Not much of a challenge. Sober’s argument is

1. If a system found in nature is irreducibly complex, then it was caused to exist by an intelligent designer.

2. Some of the minds found in nature are irreducibly complex.

3. Therefore some of the minds found in nature were caused to exist by an intelligent designer.

4. Any mind in nature that designs and builds an irreducibly complex system is itself irreducibly complex.

5. If the universe is finitely old and if cause precedes effect, then at least one of the minds found in nature was not created by any mind found in nature.

6. The universe is finitely old.

7. Causes precede their effects.

8. Therefore, there exists a supernatural intelligent designer.

Sober makes assumptions that ID does not.

2. Some of the minds found in nature are irreducibly complex.

We only have one mind to examine in nature and we don’t know what causes it to exist. Therefore we cannot say that it is irreducibly complex.
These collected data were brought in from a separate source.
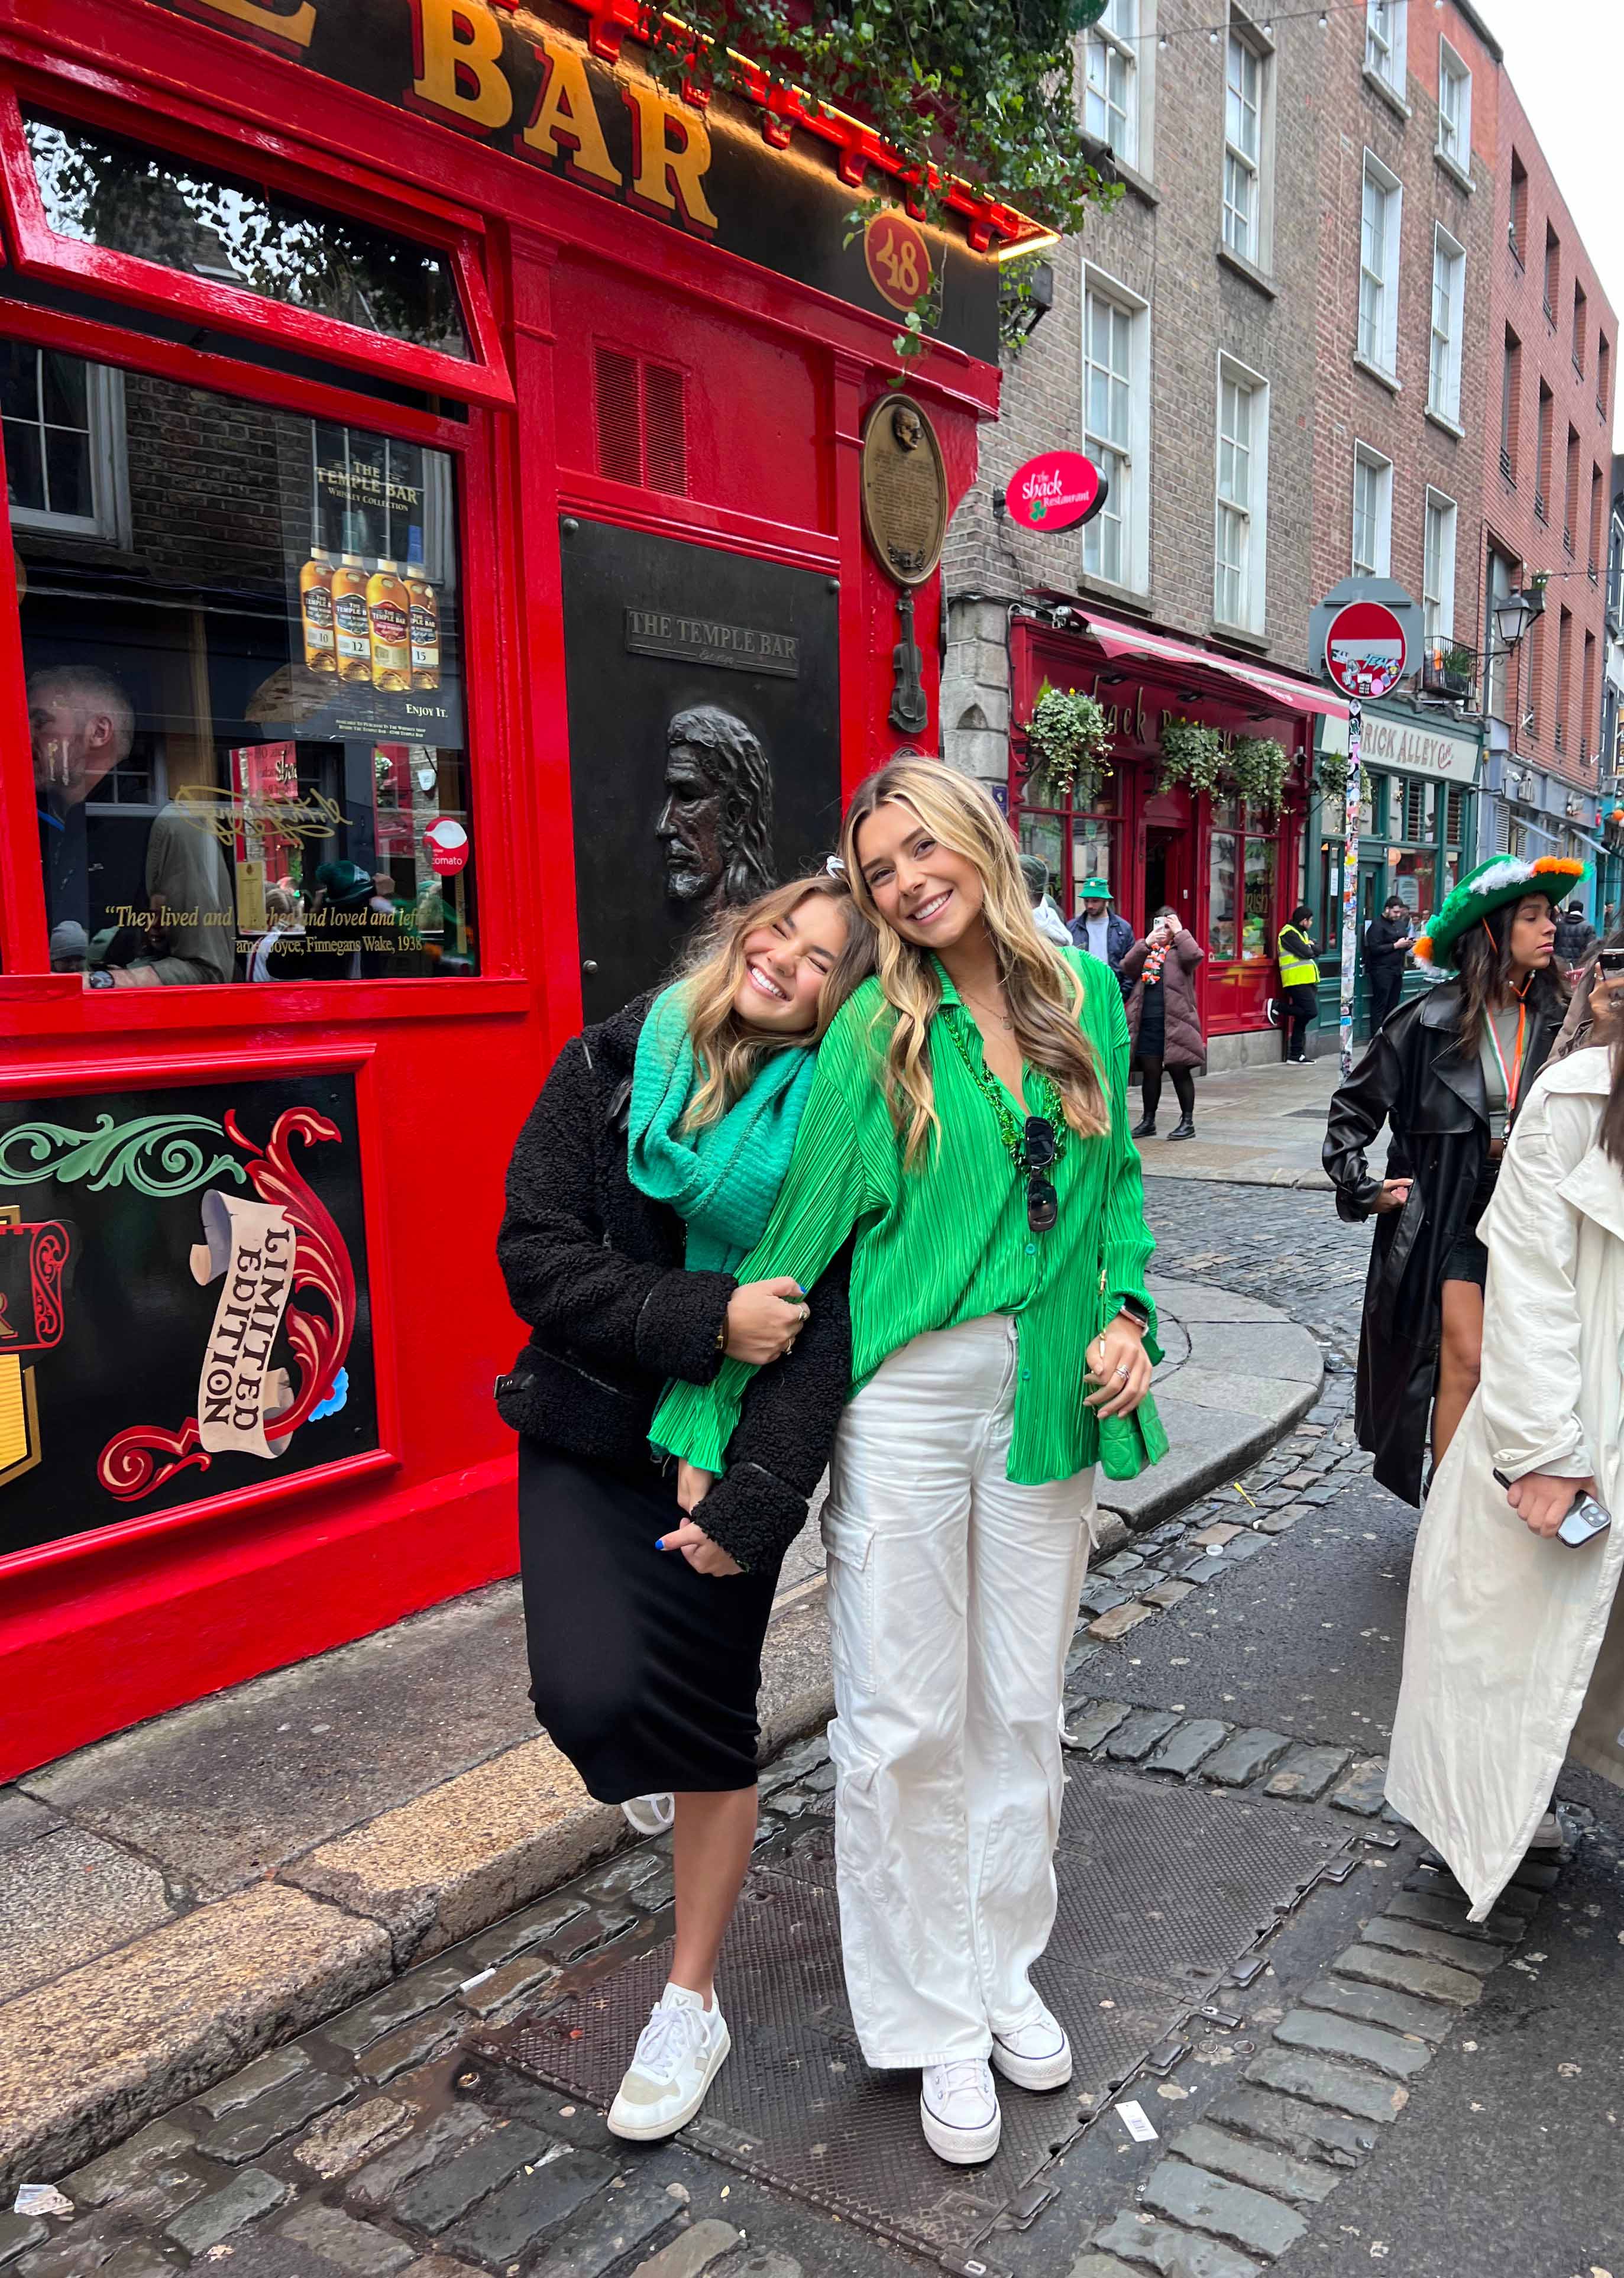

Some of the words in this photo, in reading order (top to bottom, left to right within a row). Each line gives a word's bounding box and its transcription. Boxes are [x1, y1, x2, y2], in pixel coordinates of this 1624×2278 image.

[408, 0, 718, 233] BAR
[876, 228, 920, 295] 48
[313, 467, 381, 494] TEMPLE
[386, 483, 419, 505] BAR
[353, 461, 380, 478] THE
[352, 641, 364, 652] 12
[629, 611, 672, 638] THE
[677, 620, 755, 653] TEMPLE
[758, 634, 798, 659] BAR
[416, 651, 426, 661] 15
[1396, 730, 1438, 767] ALLEY
[160, 905, 199, 927] lived
[203, 907, 232, 927] and
[301, 908, 327, 927] and
[330, 907, 367, 927] loved
[370, 908, 395, 926] and
[306, 936, 361, 956] Finnegans
[362, 936, 396, 954] Wake,
[205, 1244, 262, 1425] EDITION
[234, 1227, 290, 1431] LIMITED
Given 2 is a false premise and is Sober’s first flaw.

3. Therefore some of the minds found in nature were caused to exist by an intelligent designer.

This conclusion is unsupported due to the false premise in given 2. Even if it were not fallacious it does not assert that all minds found in nature are of intelligent cause. This is Sober’s second flaw. He fails to demonstrate that all minds in nature depend on intelligent causation.

4. Any mind in nature that designs and builds an irreducibly complex system is itself irreducibly complex.

We have no idea how many minds exist in nature much less whether they are all necessarily irreducibly complex. Another false premise given by Sober and his third flaw.

5. If the universe is finitely old and if cause precedes effect, then at least one of the minds found in nature was not created by any mind found in nature.

It does not follow from finite age and cause/effect that there must exist a mind in nature that was not created by another mind. We do not know how minds are created, even our own, to say nothing of minds never observed. Flaw number four.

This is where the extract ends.